No matter what I feel like I owe them, the creative shift is unavoidable. The different writing projects that I’ve spent the last couple years writing and revising will sit, stationary in my computer, largely ignored for the next ten months. They’ll either age like fine wine and make it into the world when my life allows for an opening, or they’ll fade into the ether like a treasure map left out in the rain. It’s not that I’m abandoning everything that I’ve done, I still have a few query letters out to agents. I will still send some more when time allows, but this is not where my priorities can stay.
The reality is that I can’t be the kind of teacher that I want to be if I am trying to make my writing my focus. Nobody made me be a teacher, nobody told me that this was the path that I had to follow. Teaching is a choice that I make. It’s a challenge, it’s a privilege and it’s a responsibility. It’s not a path that I choose lightly, but I do choose it willingly.

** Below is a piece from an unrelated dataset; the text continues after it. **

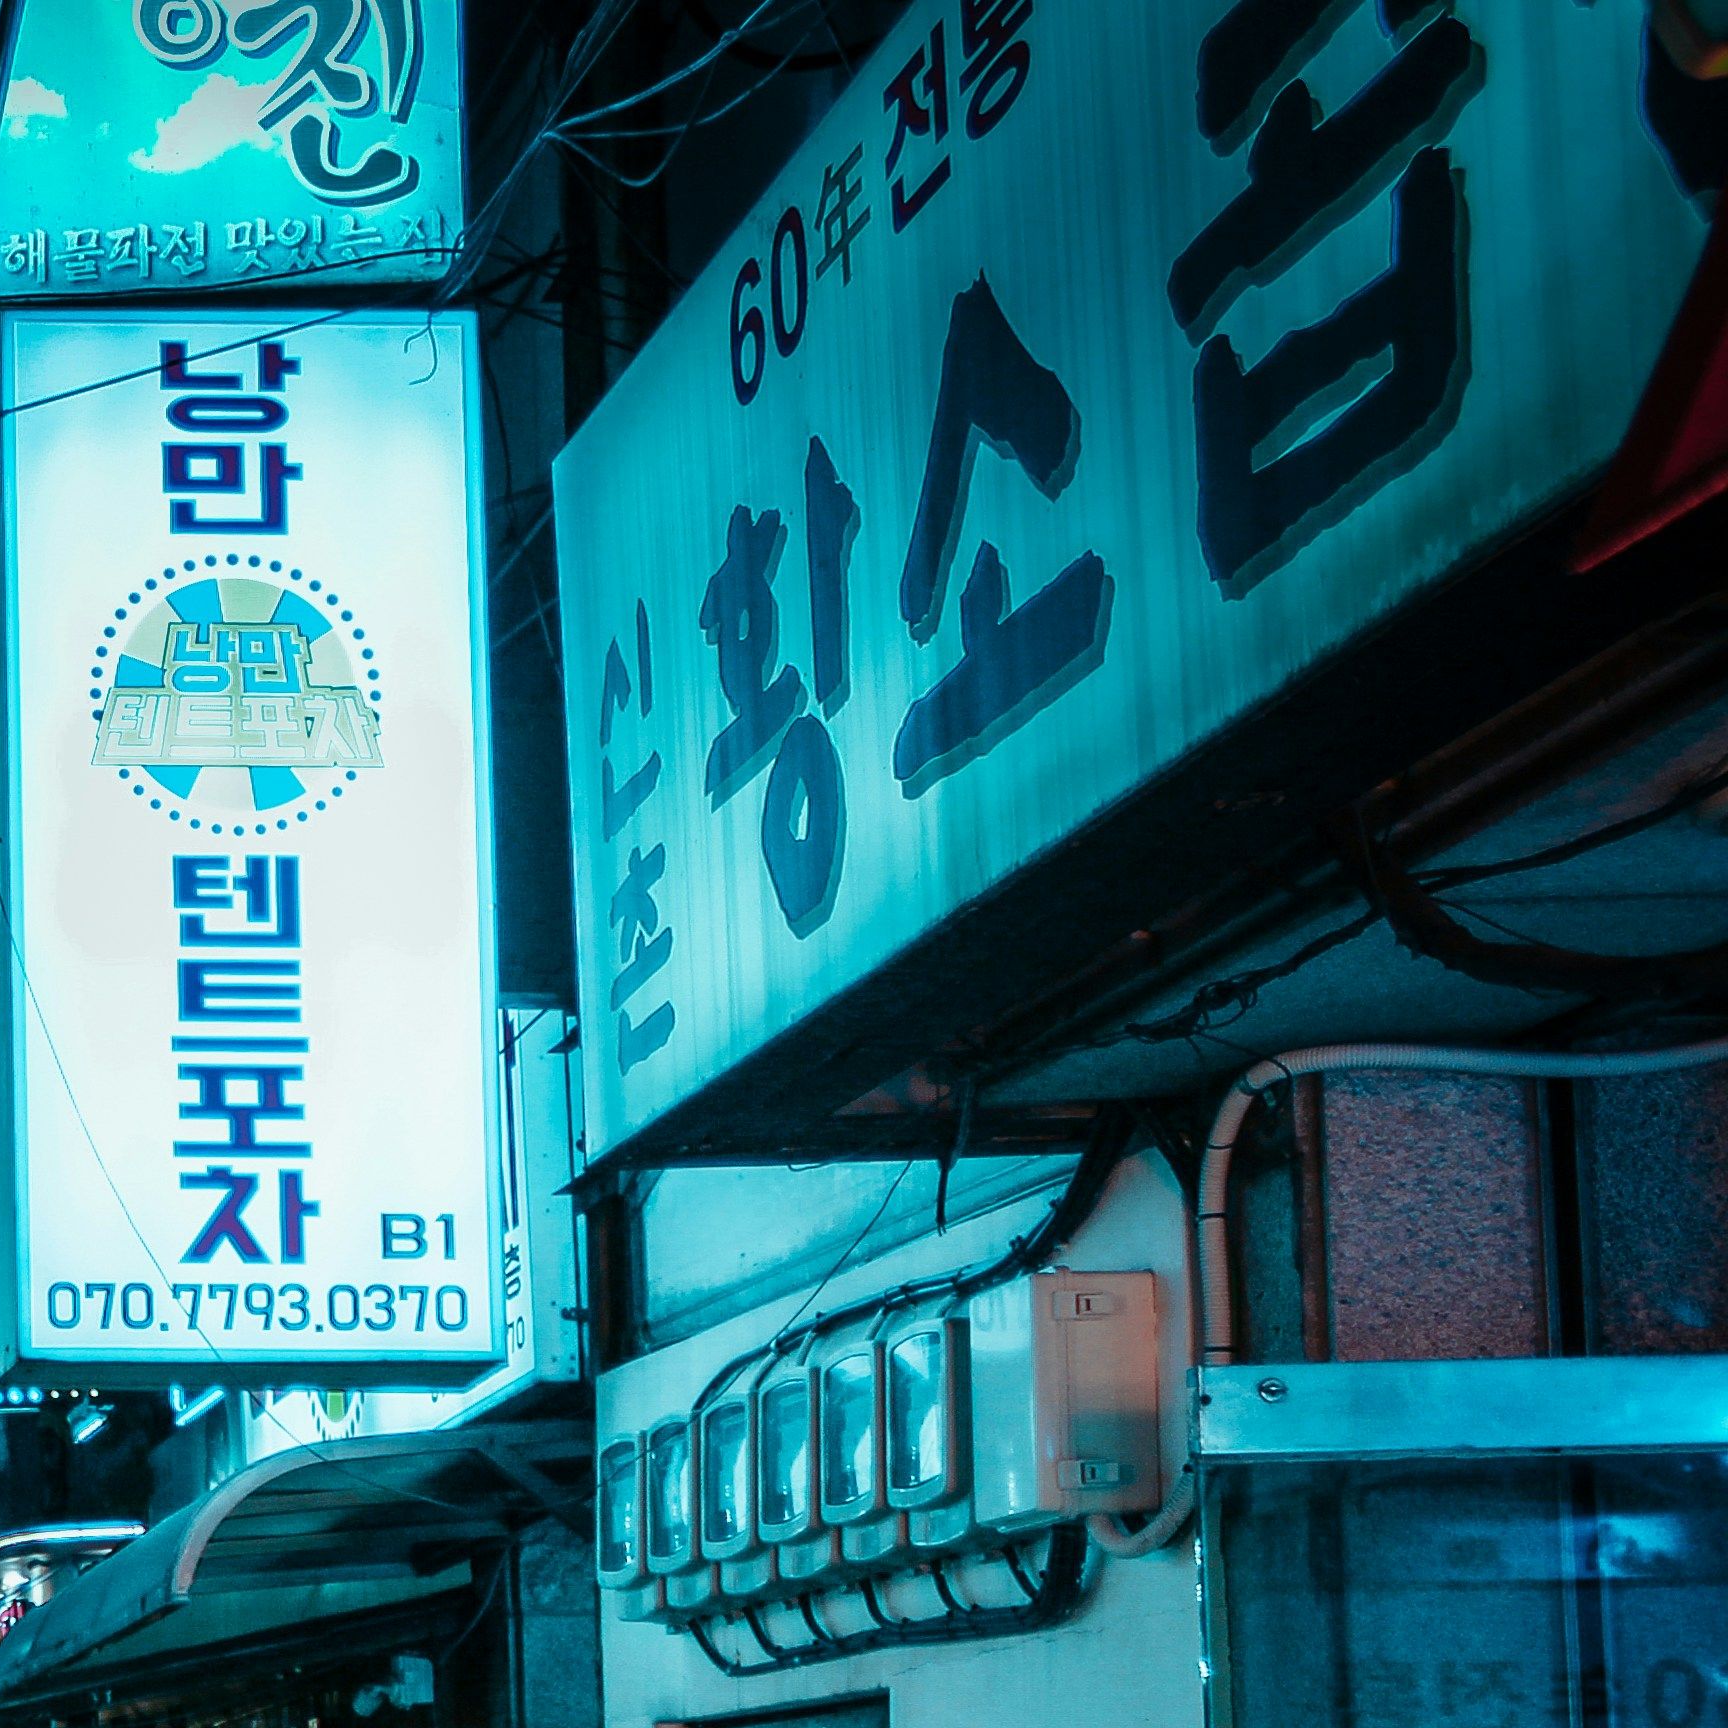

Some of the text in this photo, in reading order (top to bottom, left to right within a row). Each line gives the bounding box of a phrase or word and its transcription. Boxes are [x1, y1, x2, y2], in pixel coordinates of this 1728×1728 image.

For me the responsibility of being a teacher goes beyond providing educative material to elevate the literacy and numeracy skills of my students. Literacy and numeracy are important, but they pale in comparison to a love of learning and a curiosity about the world we live in. My students need to feel safe, cared for and inspired if they’re going to be comfortable and confident enough to be open to learning. Being open to learning is being vulnerable. We forget when we send our kids out into the world that we’re asking them to be brave over and over again all day long. It’s hard to admit you don’t know things, it’s hard to struggle through the confusion to reach understanding. We need to respect the learning that kids do and the vulnerability it takes to do it. We need to respect where they direct their creative energies.
For any of that to happen, I need to show up. Not just be a physically present warm body occupying the room. I need to bring my passion, empathy and creative spark into the room with me every day. I need to gather the moments of beauty and wonder around me, and bring them into the classroom to share. Luckily, I really love this responsibility.

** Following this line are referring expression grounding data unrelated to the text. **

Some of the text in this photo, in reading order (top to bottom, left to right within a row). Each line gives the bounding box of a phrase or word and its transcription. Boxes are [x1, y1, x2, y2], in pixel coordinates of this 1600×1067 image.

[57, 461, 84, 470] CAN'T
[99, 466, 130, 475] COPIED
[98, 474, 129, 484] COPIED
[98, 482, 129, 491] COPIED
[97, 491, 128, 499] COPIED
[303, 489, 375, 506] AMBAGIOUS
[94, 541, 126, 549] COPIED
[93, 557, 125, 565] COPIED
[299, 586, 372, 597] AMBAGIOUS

What I love the most is growing and sharing stories with my students. I love teaching them that they have voices and experiences that are important and worth sharing. This is where I feel like the most important learning can happen. This is where students get the chance to understand about empathy and connection. They get to learn that by talking and listening to each other we can all understand both that we are special and that we are not alone. No matter who we are, our humanness gives us more similarities than differences.
Then, there’s the curriculum. It’s ironic that when I think about what’s most important in my teaching, the curriculum doesn’t make it anywhere near the top of my list. But still, it’s there and part of the job.
This year, I need to learn what it is to be in grade three and grade four (mostly, I’ve taught grade 5 and 6 with a smattering of everything else). I need to learn the curriculums in math, ELA, FLA, science, social studies, art, and health and I have to do most of it while speaking a language that I haven’t used regularly in a decade. Oh yeah, and I need to do it well.
It isn’t that I’m worried about the teaching, it’s more that I’m mindful of the space I need to give it in my life. I have a wife and four children (and three cats) who need my time. There’s only so much room for priorities and I feel like going into this school year, I’m full.
Then, there’s this blog. This blog is another outlet for my creative energy. I’ve thought a lot about whether I should keep writing this and for the moment, I feel compelled to continue. I like the reflecting and connecting that I get out of putting words out into the world each week. Even if I only hear from one person, who made a personal connection to what I had to say, I feel like it was time well spent. Maybe it’s also a weekly reminder that even if I have very little time to write, I’m still a writer.
Wherever your creative energies take you this fall, I hope that they find a space to grow and change. Of the 43 years that have so far made up my life, September has been the start of my new year for all but 6 of those years. So, happy new year, may this one be filled with love, laughter, learning and of course smiles.